§ **What is required**
The records below need to be repeated exactly, with every picture left out.

[Text-to-region grounding data]
━━━

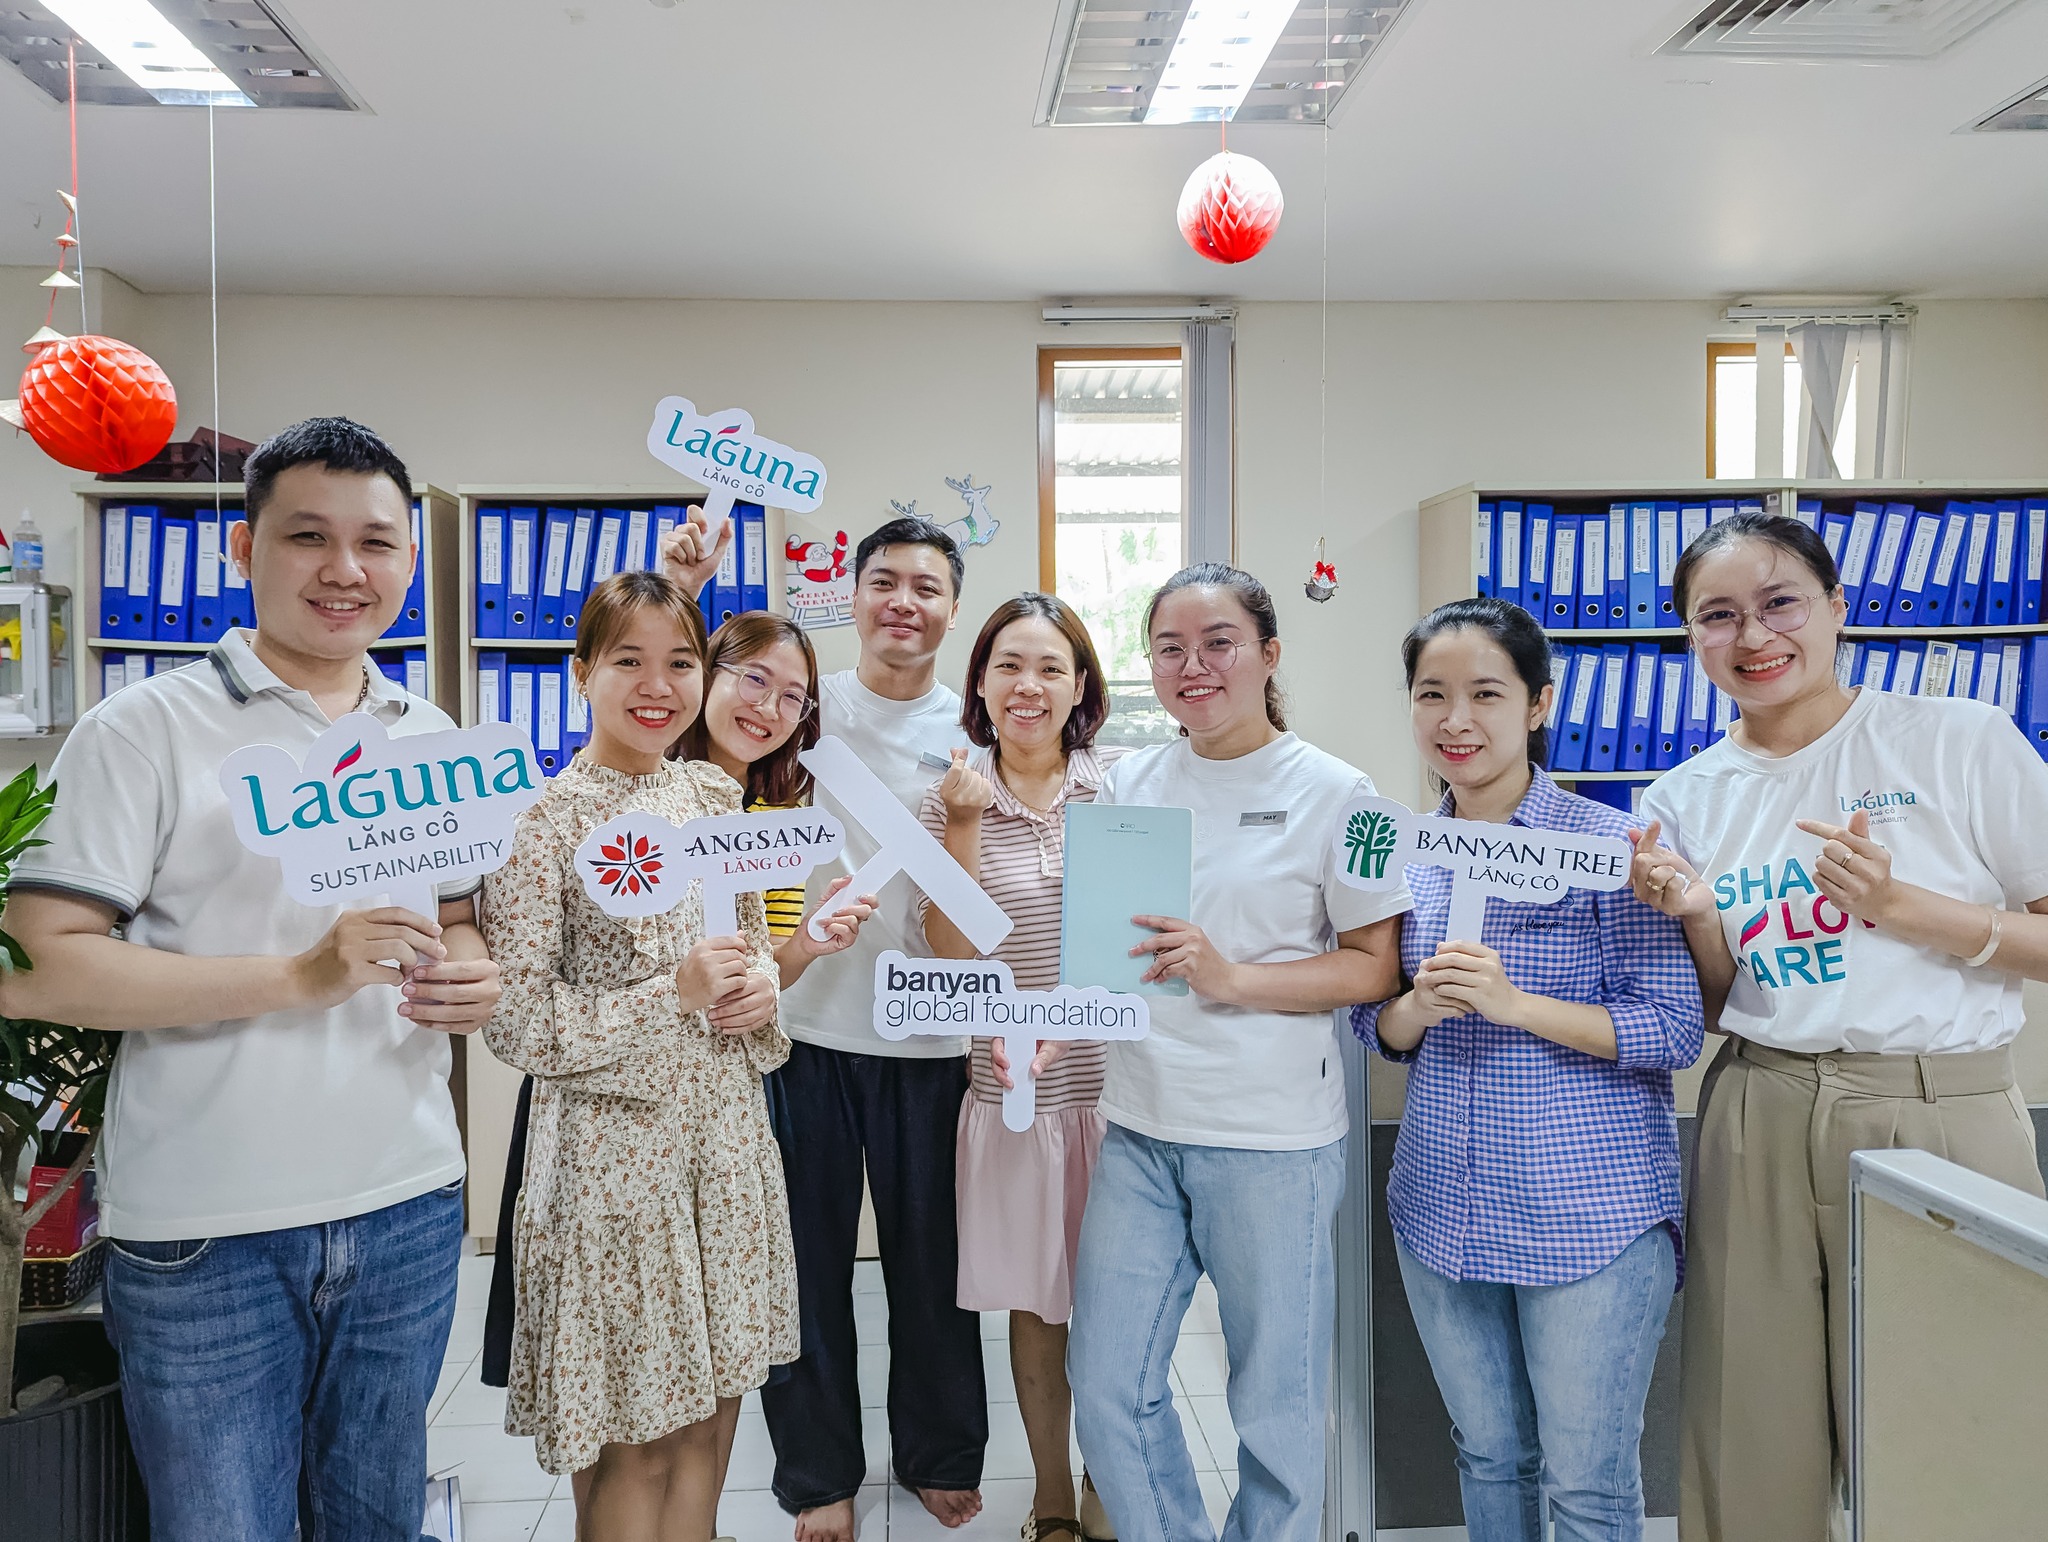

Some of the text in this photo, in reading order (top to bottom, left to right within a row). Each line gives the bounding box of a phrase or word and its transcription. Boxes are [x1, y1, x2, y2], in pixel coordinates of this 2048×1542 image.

[702, 467, 766, 499] LĂNG CÔ
[601, 548, 610, 575] CONTRACT
[1850, 558, 1858, 573] SAFETY
[1913, 558, 1921, 573] SAFETY
[1918, 538, 1927, 554] HEALTH
[796, 590, 835, 599] MERRY
[796, 595, 848, 606] CHRISTM
[1870, 670, 1878, 687] CHECK
[347, 810, 460, 852] LĂNG CÔ
[684, 824, 835, 857] ANGSANA
[310, 838, 504, 892] SUSTAINABILITY
[723, 851, 803, 875] LĂNG CÔ
[1416, 829, 1624, 878] BANYAN TREE
[1468, 864, 1559, 890] LĂNG CÔ
[1713, 858, 1816, 911] SHA
[1780, 895, 1876, 941] LO
[888, 964, 1002, 999] banyan
[886, 993, 1137, 1029] global foundation
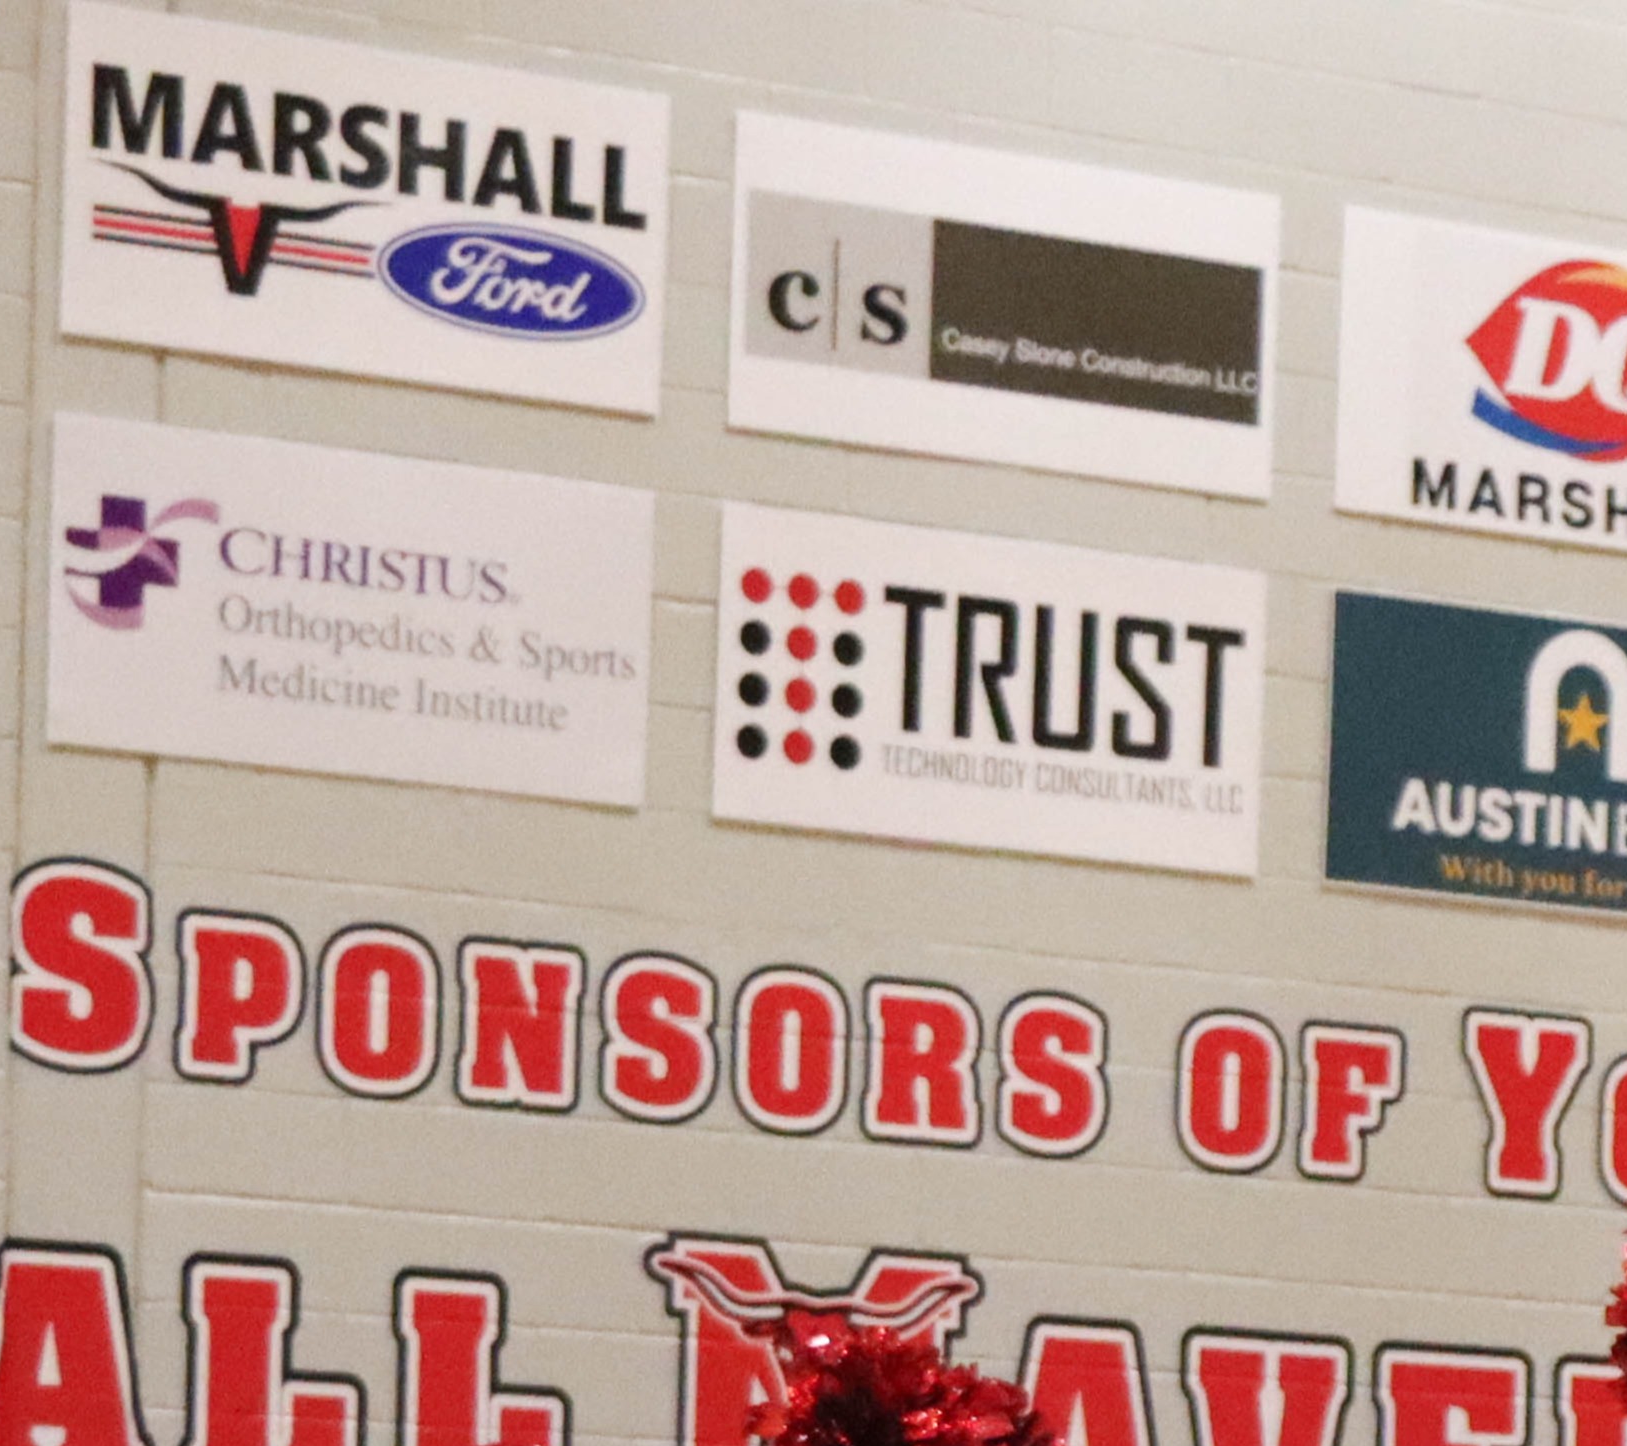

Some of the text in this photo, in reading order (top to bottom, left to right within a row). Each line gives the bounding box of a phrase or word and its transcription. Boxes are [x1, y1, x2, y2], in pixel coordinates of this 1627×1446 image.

━━━

§ **Solution below**
Some of the text in this photo, in reading order (top to bottom, left to right within a row). Each line gives the bounding box of a phrase or word and its transcription. Boxes are [x1, y1, x2, y2], in pixel coordinates of this 2048×1542 image.

[702, 467, 766, 499] LĂNG CÔ
[601, 548, 610, 575] CONTRACT
[1850, 558, 1858, 573] SAFETY
[1913, 558, 1921, 573] SAFETY
[1918, 538, 1927, 554] HEALTH
[796, 590, 835, 599] MERRY
[796, 595, 848, 606] CHRISTM
[1870, 670, 1878, 687] CHECK
[347, 810, 460, 852] LĂNG CÔ
[684, 824, 835, 857] ANGSANA
[310, 838, 504, 892] SUSTAINABILITY
[723, 851, 803, 875] LĂNG CÔ
[1416, 829, 1624, 878] BANYAN TREE
[1468, 864, 1559, 890] LĂNG CÔ
[1713, 858, 1816, 911] SHA
[1780, 895, 1876, 941] LO
[888, 964, 1002, 999] banyan
[886, 993, 1137, 1029] global foundation

Some of the text in this photo, in reading order (top to bottom, left to right within a row). Each line gives the bounding box of a phrase or word and its transcription. Boxes are [x1, y1, x2, y2], in pixel coordinates of this 1627×1446 image.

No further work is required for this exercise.